=== HOW TO COMPLETE THIS TASK ===
Before you return the lines below, strip out any images and keep every word as written.
============
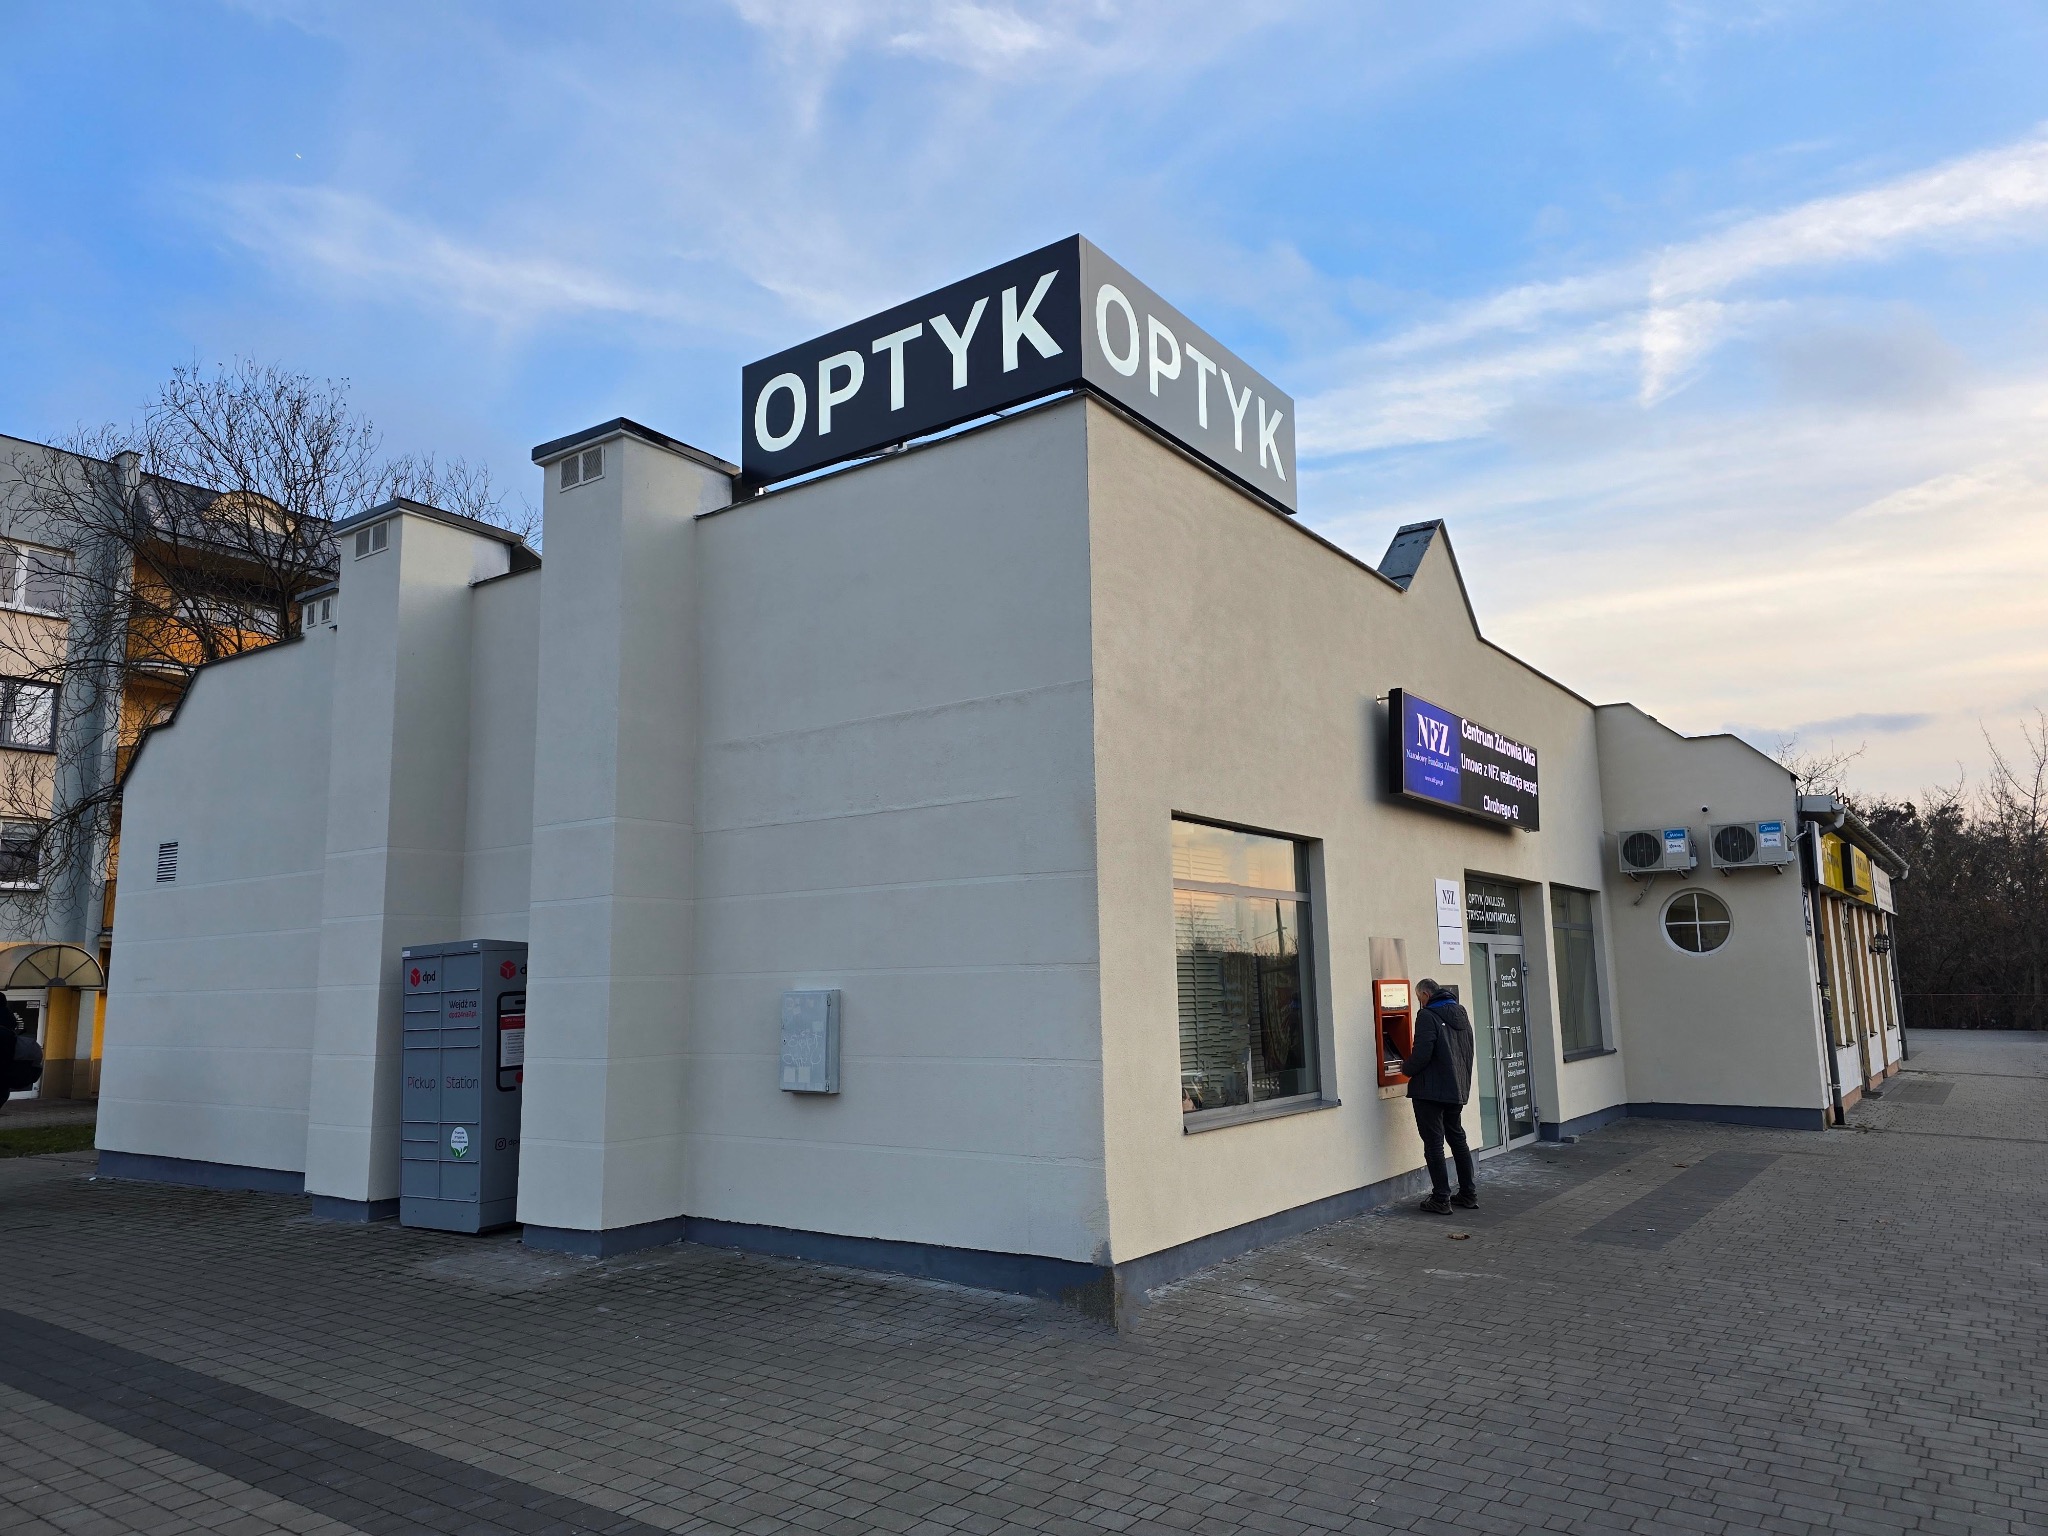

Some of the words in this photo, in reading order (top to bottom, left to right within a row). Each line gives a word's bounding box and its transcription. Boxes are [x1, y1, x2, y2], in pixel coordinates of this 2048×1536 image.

[754, 269, 1064, 452] OPTYK
[1096, 283, 1288, 482] OPTYK
[1416, 713, 1450, 757] NFZ
[1461, 718, 1494, 749] Centrum
[1495, 732, 1522, 761] Zdrowia
[1523, 745, 1536, 767] Oka
[1461, 752, 1483, 775] Umowa
[1483, 765, 1488, 777] z
[1488, 763, 1500, 782] NFZ
[1500, 769, 1523, 792] realizacja
[1512, 804, 1519, 820] 42
[1442, 889, 1456, 906] NFZ
[1468, 893, 1484, 905] OPTYK
[1485, 895, 1506, 908] OKULISTA
[1486, 911, 1517, 924] KONTAKTOLOG
[422, 971, 436, 984] dpd
[448, 1000, 469, 1010] Wejdź
[407, 1076, 437, 1091] Pickup
[446, 1075, 479, 1089] Station
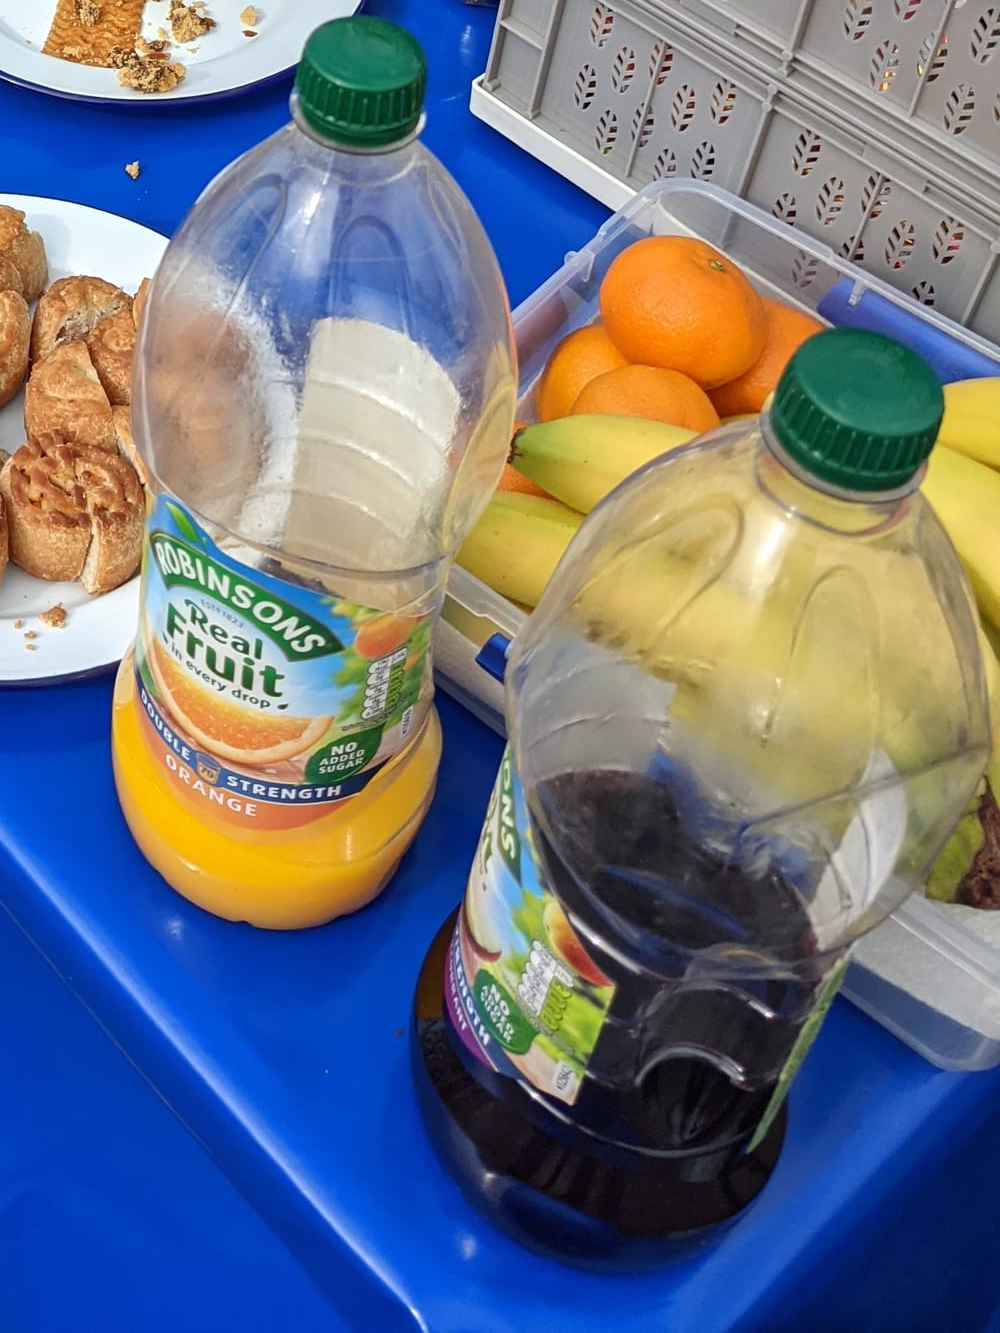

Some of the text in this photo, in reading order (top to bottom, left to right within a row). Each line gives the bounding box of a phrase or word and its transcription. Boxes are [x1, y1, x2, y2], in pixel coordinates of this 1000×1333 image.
============
=== SOLUTION TO THIS TASK ===
Some of the words in this photo, in reading order (top to bottom, left to right within a row). Each line gives a word's bounding box and its transcription. Boxes are [x1, y1, x2, y2], in pixel coordinates of this 2048×1536 image.

[754, 269, 1064, 452] OPTYK
[1096, 283, 1288, 482] OPTYK
[1416, 713, 1450, 757] NFZ
[1461, 718, 1494, 749] Centrum
[1495, 732, 1522, 761] Zdrowia
[1523, 745, 1536, 767] Oka
[1461, 752, 1483, 775] Umowa
[1483, 765, 1488, 777] z
[1488, 763, 1500, 782] NFZ
[1500, 769, 1523, 792] realizacja
[1512, 804, 1519, 820] 42
[1442, 889, 1456, 906] NFZ
[1468, 893, 1484, 905] OPTYK
[1485, 895, 1506, 908] OKULISTA
[1486, 911, 1517, 924] KONTAKTOLOG
[422, 971, 436, 984] dpd
[448, 1000, 469, 1010] Wejdź
[407, 1076, 437, 1091] Pickup
[446, 1075, 479, 1089] Station

Some of the text in this photo, in reading order (top to bottom, left to right within a row). Each line gives the bounding box of a phrase or word and its transcription. Boxes are [x1, y1, x2, y2], in pixel coordinates of this 1000×1333 image.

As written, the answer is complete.